### WHAT YOU ARE ASKED TO DO
The data below should be printed in full, exactly, and without any of its images.

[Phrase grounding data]

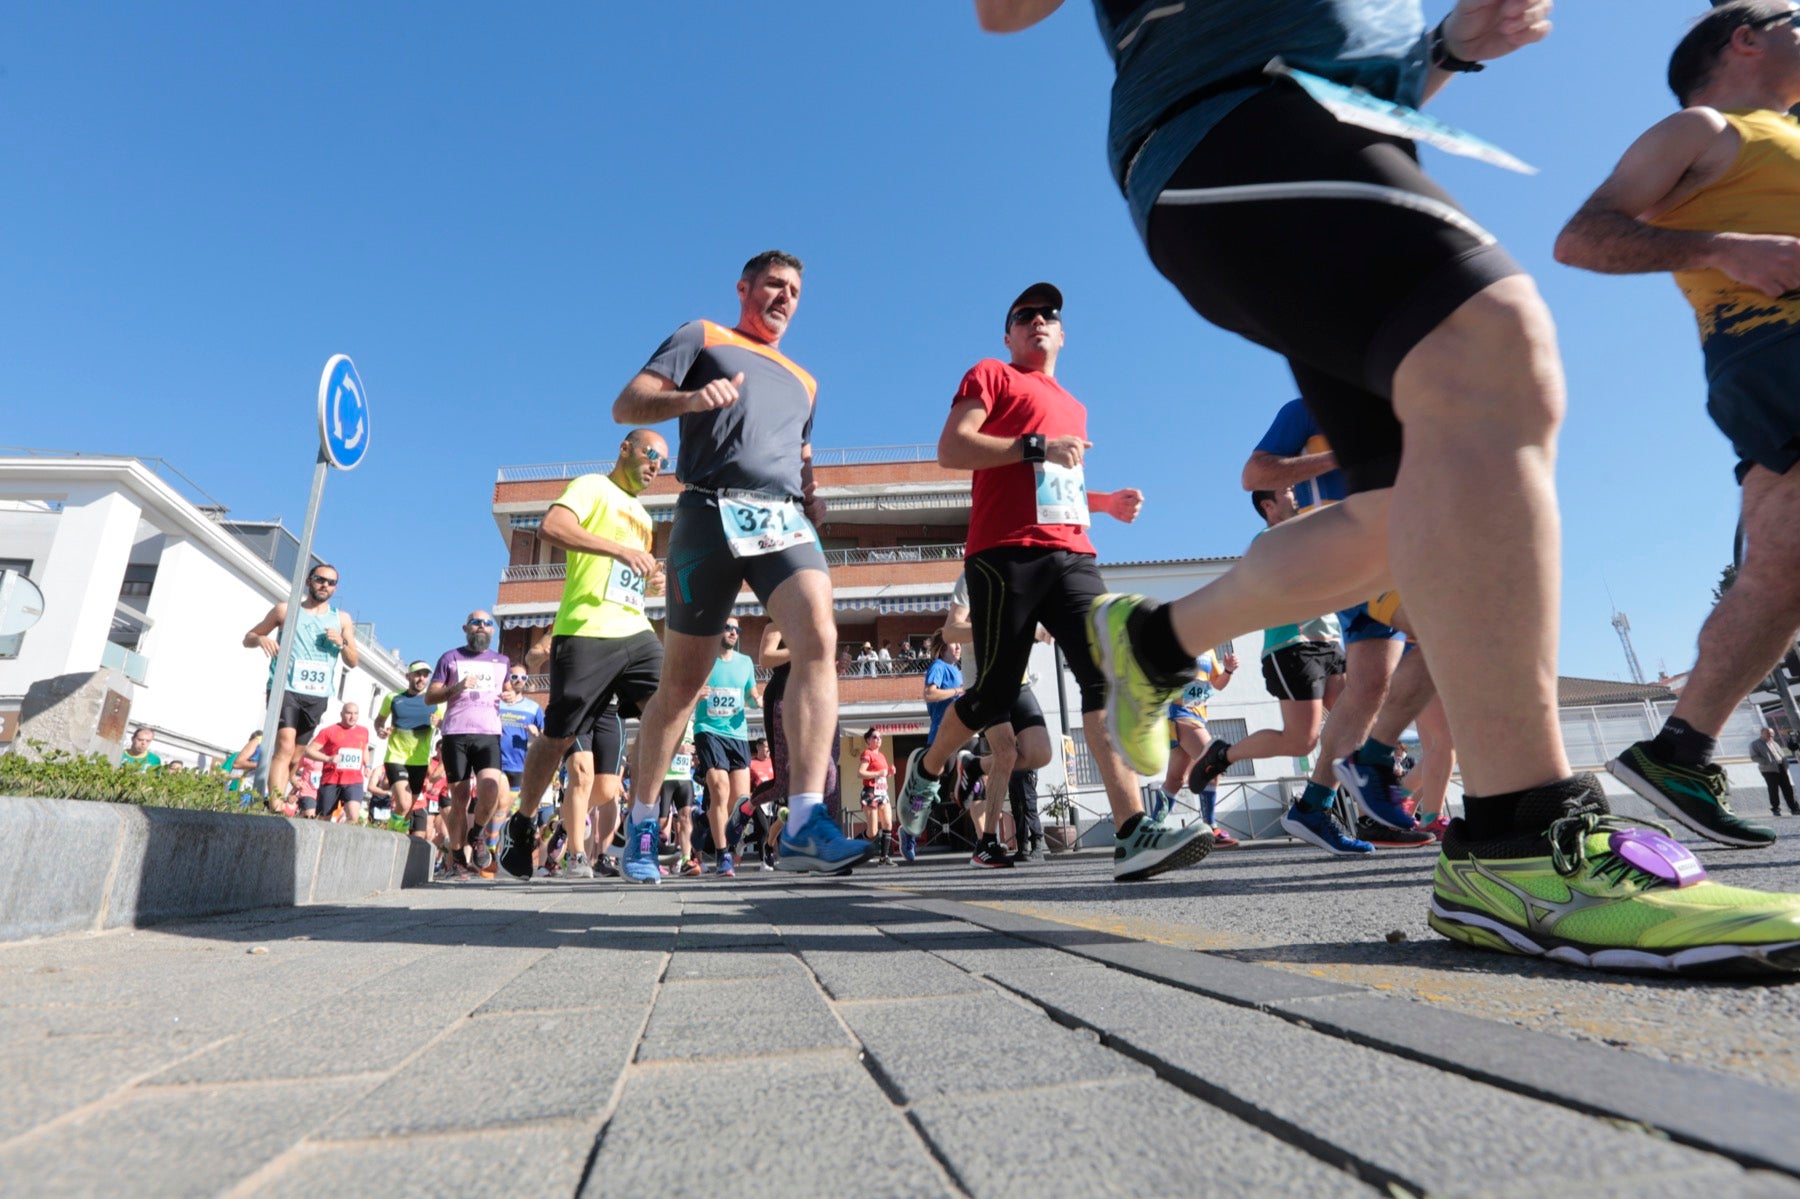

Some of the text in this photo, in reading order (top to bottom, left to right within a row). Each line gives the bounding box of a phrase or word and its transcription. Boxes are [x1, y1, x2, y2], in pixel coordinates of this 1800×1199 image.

[737, 508, 789, 531] 321
[301, 669, 325, 683] 933
[1188, 686, 1210, 700] 485
[712, 696, 735, 707] 922
[340, 754, 361, 763] 1001
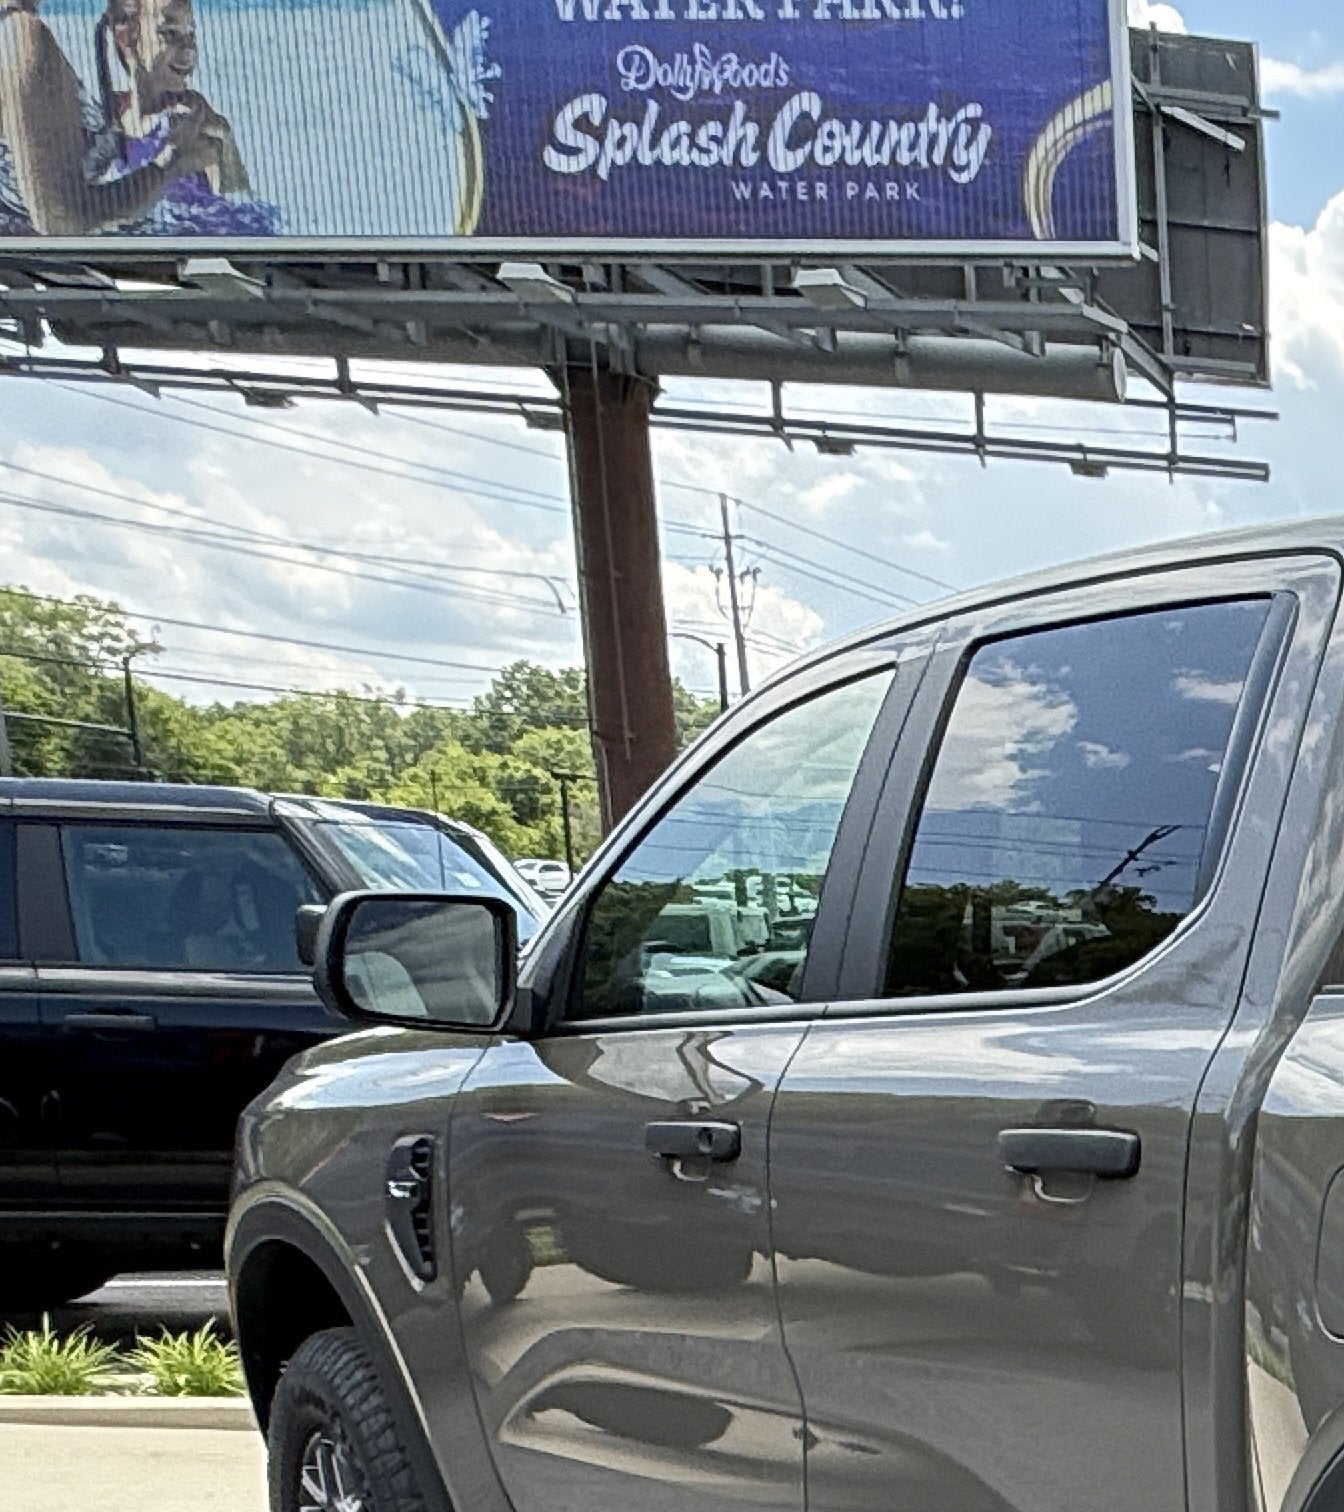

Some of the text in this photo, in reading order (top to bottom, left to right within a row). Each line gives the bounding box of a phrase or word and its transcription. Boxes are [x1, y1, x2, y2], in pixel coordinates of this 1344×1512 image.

[552, 0, 965, 22] WATER PARK!
[542, 91, 992, 184] Splash Country
[732, 181, 921, 201] WATER PARK
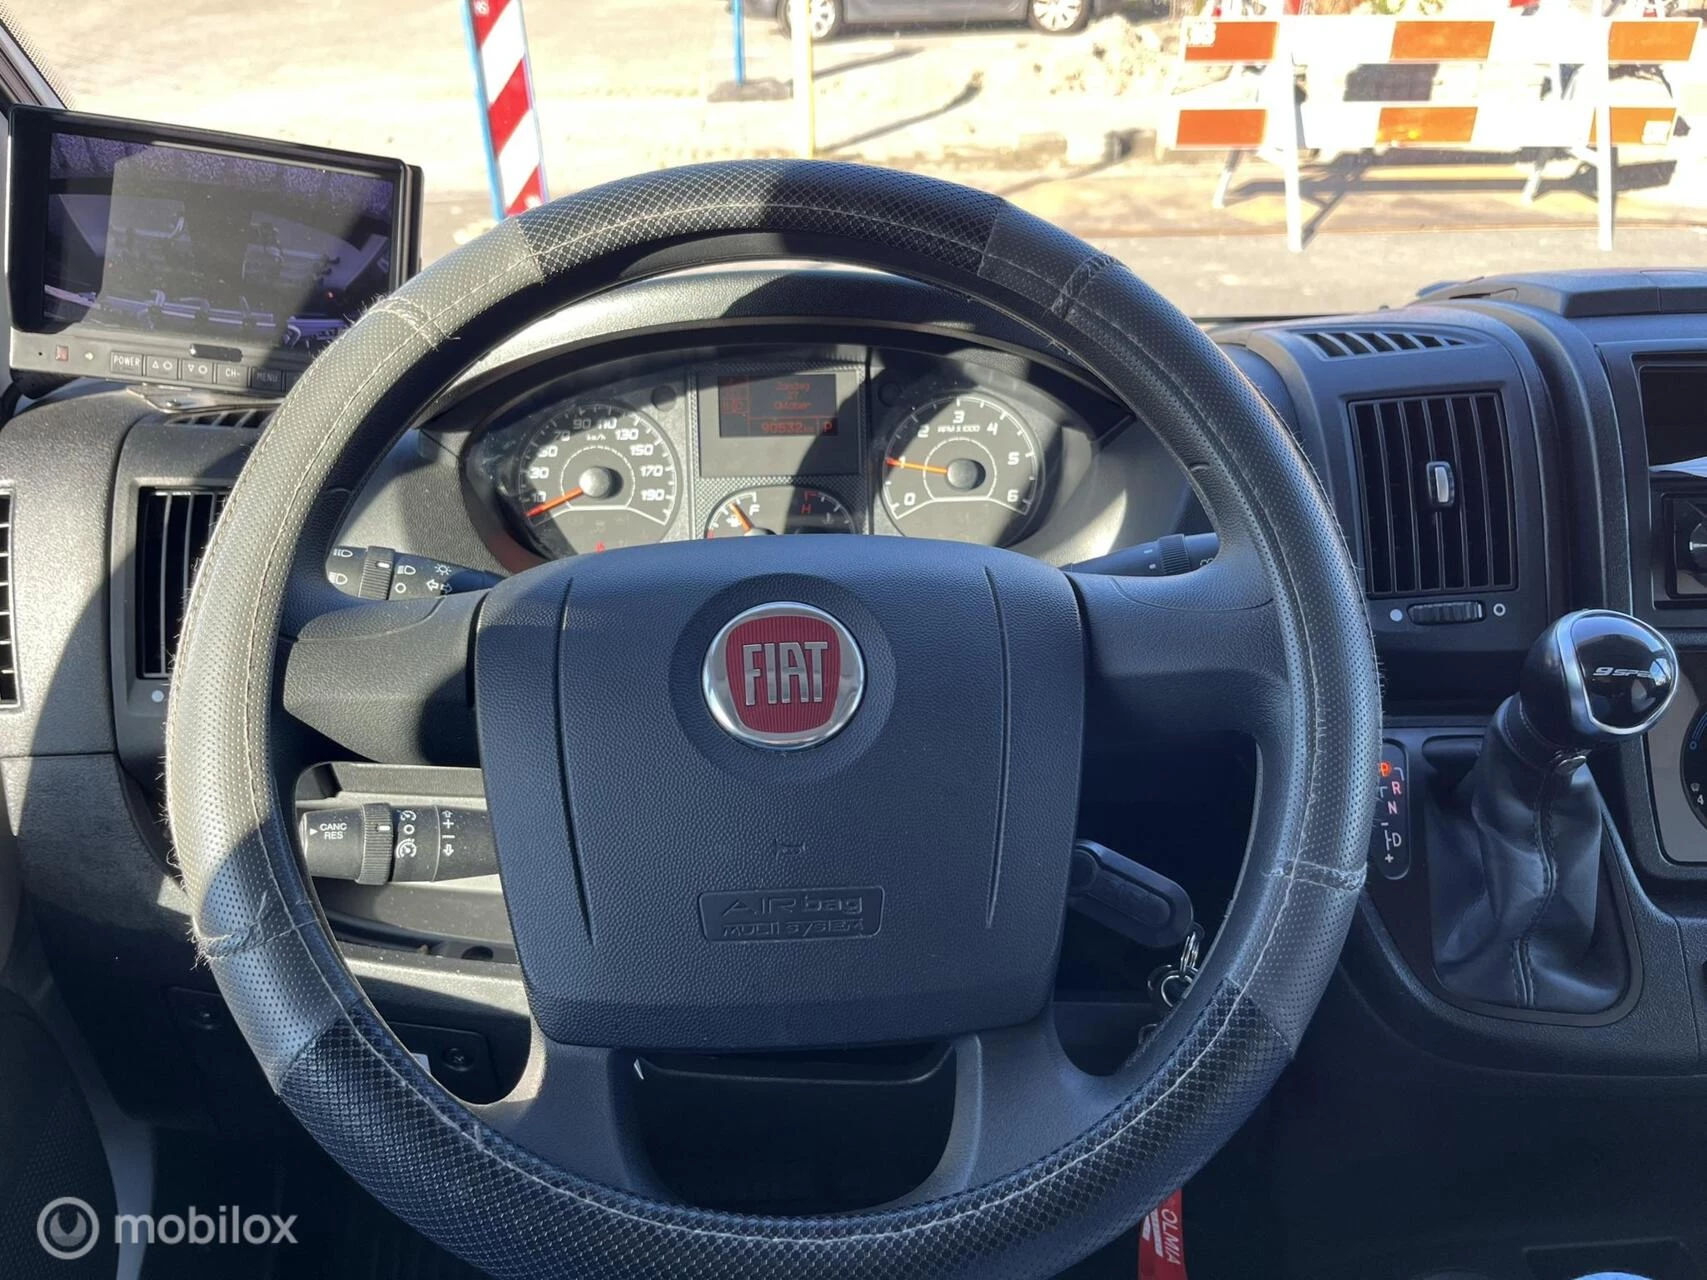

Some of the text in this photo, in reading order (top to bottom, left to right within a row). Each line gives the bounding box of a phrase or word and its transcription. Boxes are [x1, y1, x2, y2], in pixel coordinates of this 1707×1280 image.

### YOUR RESPONSE
Some of the text in this photo, in reading order (top to bottom, left to right within a row). Each line gives the bounding box of a phrase or word and its transcription. Boxes are [x1, y1, x2, y2], in pixel coordinates of this 1800×1199 image.

[737, 508, 789, 531] 321
[301, 669, 325, 683] 933
[1188, 686, 1210, 700] 485
[712, 696, 735, 707] 922
[340, 754, 361, 763] 1001

Some of the text in this photo, in reading order (top to bottom, left to right within a row). Each line gives the bounding box of a phrase or word and its transcription. Boxes are [x1, y1, x2, y2], in pixel coordinates of this 1344×1512 image.

[552, 0, 965, 22] WATER PARK!
[542, 91, 992, 184] Splash Country
[732, 181, 921, 201] WATER PARK

Some of the text in this photo, in reading order (top to bottom, left to right within a row). Each line gives the bounding box of a phrase or word and its transcription. Boxes are [x1, y1, x2, y2], in pixel coordinates of this 1707×1280 image.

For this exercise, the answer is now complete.